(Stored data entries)
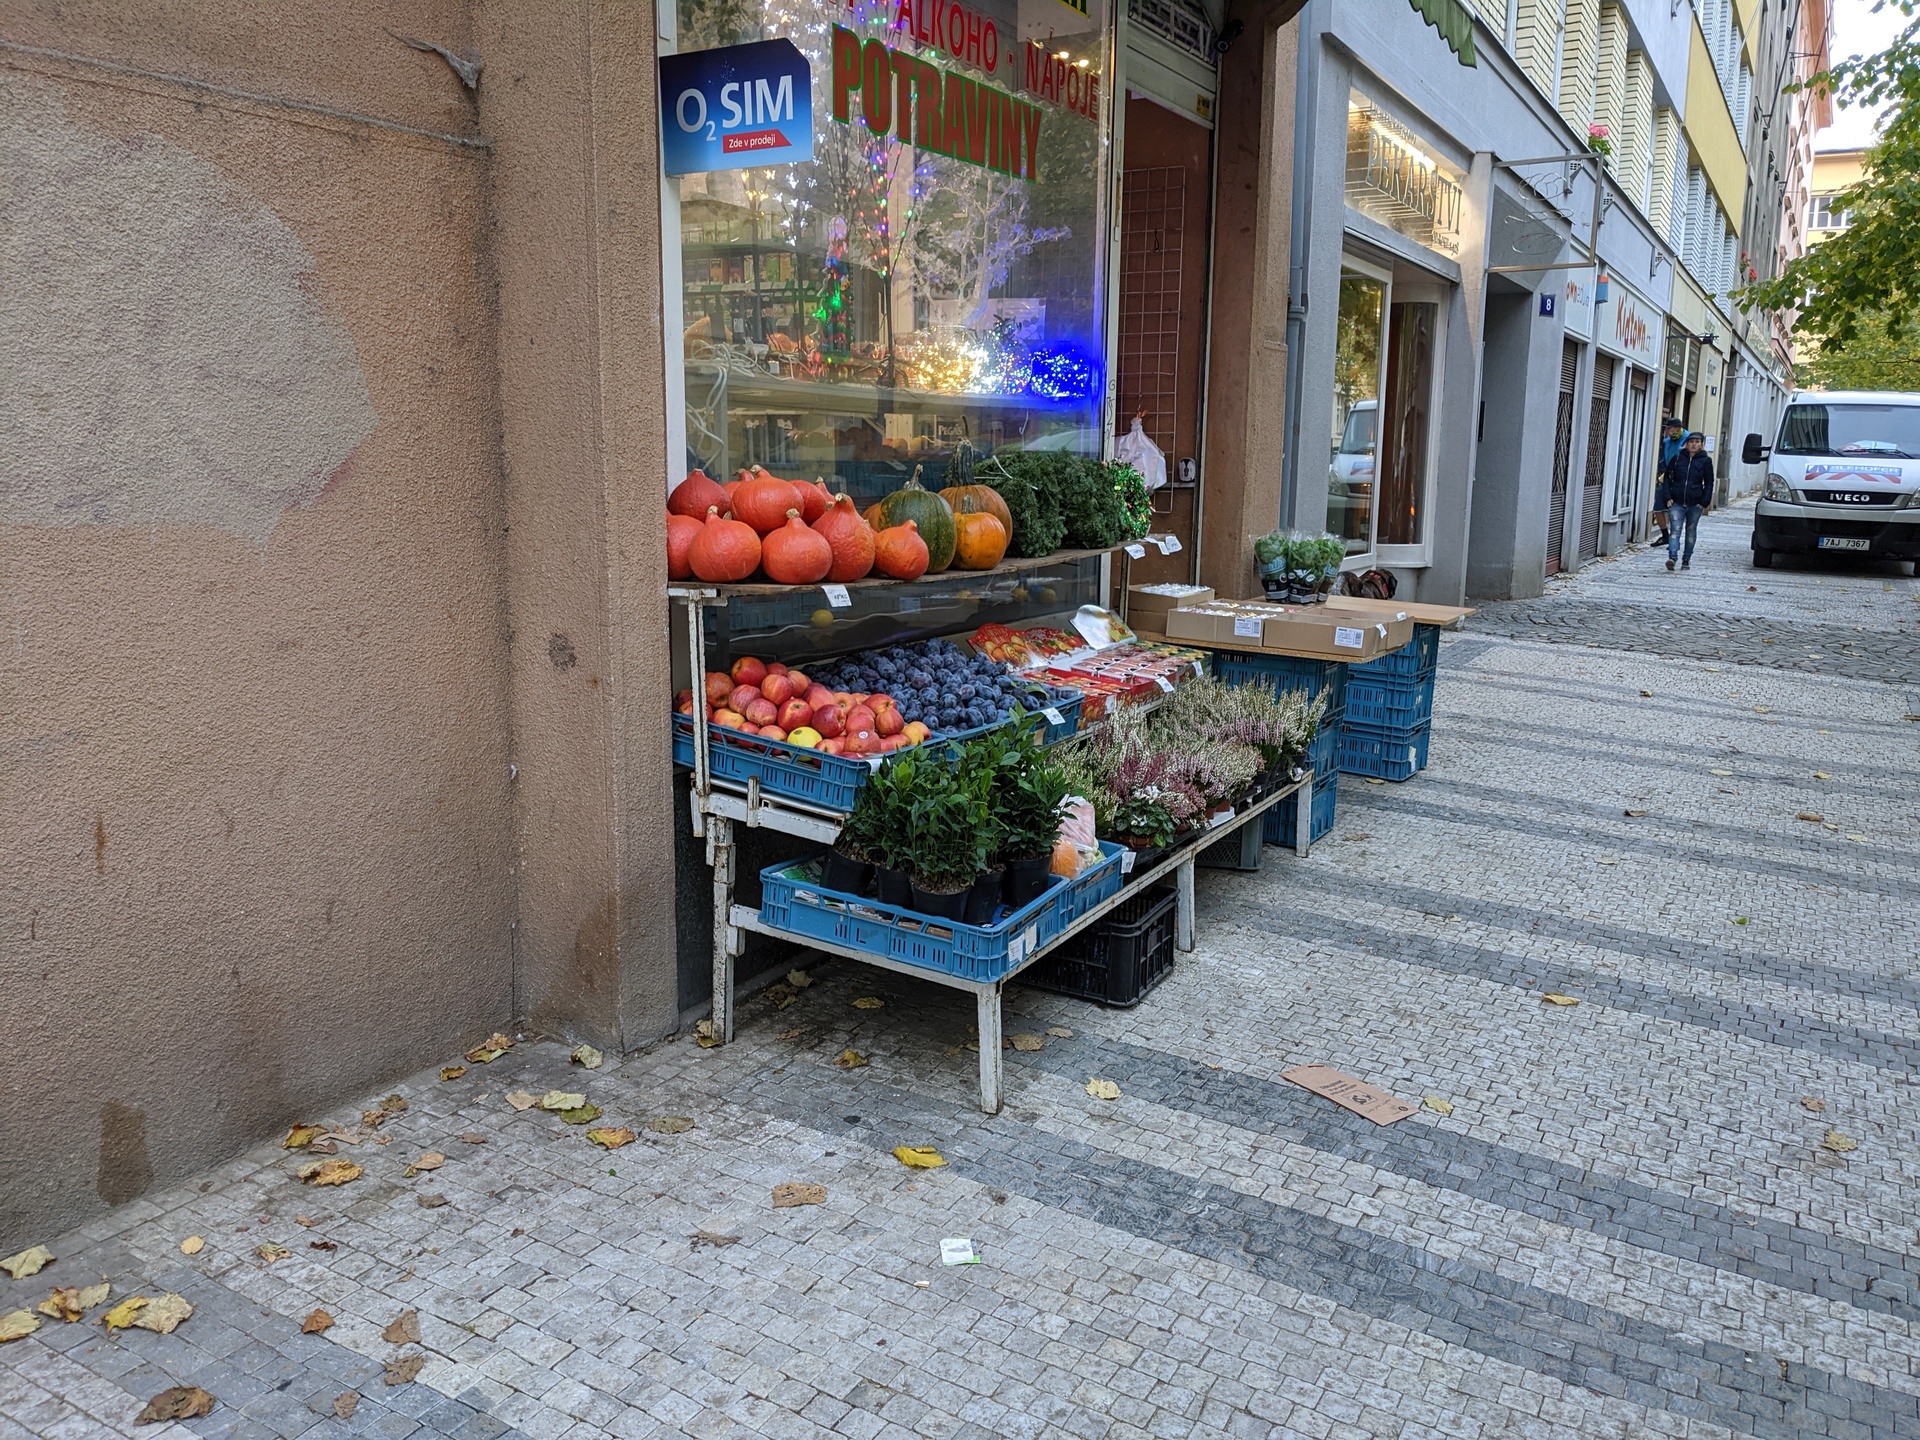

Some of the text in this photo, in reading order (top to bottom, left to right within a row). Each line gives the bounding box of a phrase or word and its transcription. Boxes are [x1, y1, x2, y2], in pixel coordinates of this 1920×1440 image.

[720, 75, 794, 129] SIM
[832, 22, 1043, 184] POTRAVINY
[728, 138, 743, 149] Zde
[750, 134, 776, 148] prodeji
[1545, 298, 1552, 311] 8
[1829, 493, 1870, 502] IVECO
[1825, 538, 1867, 548] 7AJ 7367

**What to produce**. Text only, no pictures: copy every entry exactly.

**Output for this task**.
Some of the text in this photo, in reading order (top to bottom, left to right within a row). Each line gives the bounding box of a phrase or word and its transcription. Boxes are [x1, y1, x2, y2], in pixel coordinates of this 1920×1440 image.

[720, 75, 794, 129] SIM
[832, 22, 1043, 184] POTRAVINY
[728, 138, 743, 149] Zde
[750, 134, 776, 148] prodeji
[1545, 298, 1552, 311] 8
[1829, 493, 1870, 502] IVECO
[1825, 538, 1867, 548] 7AJ 7367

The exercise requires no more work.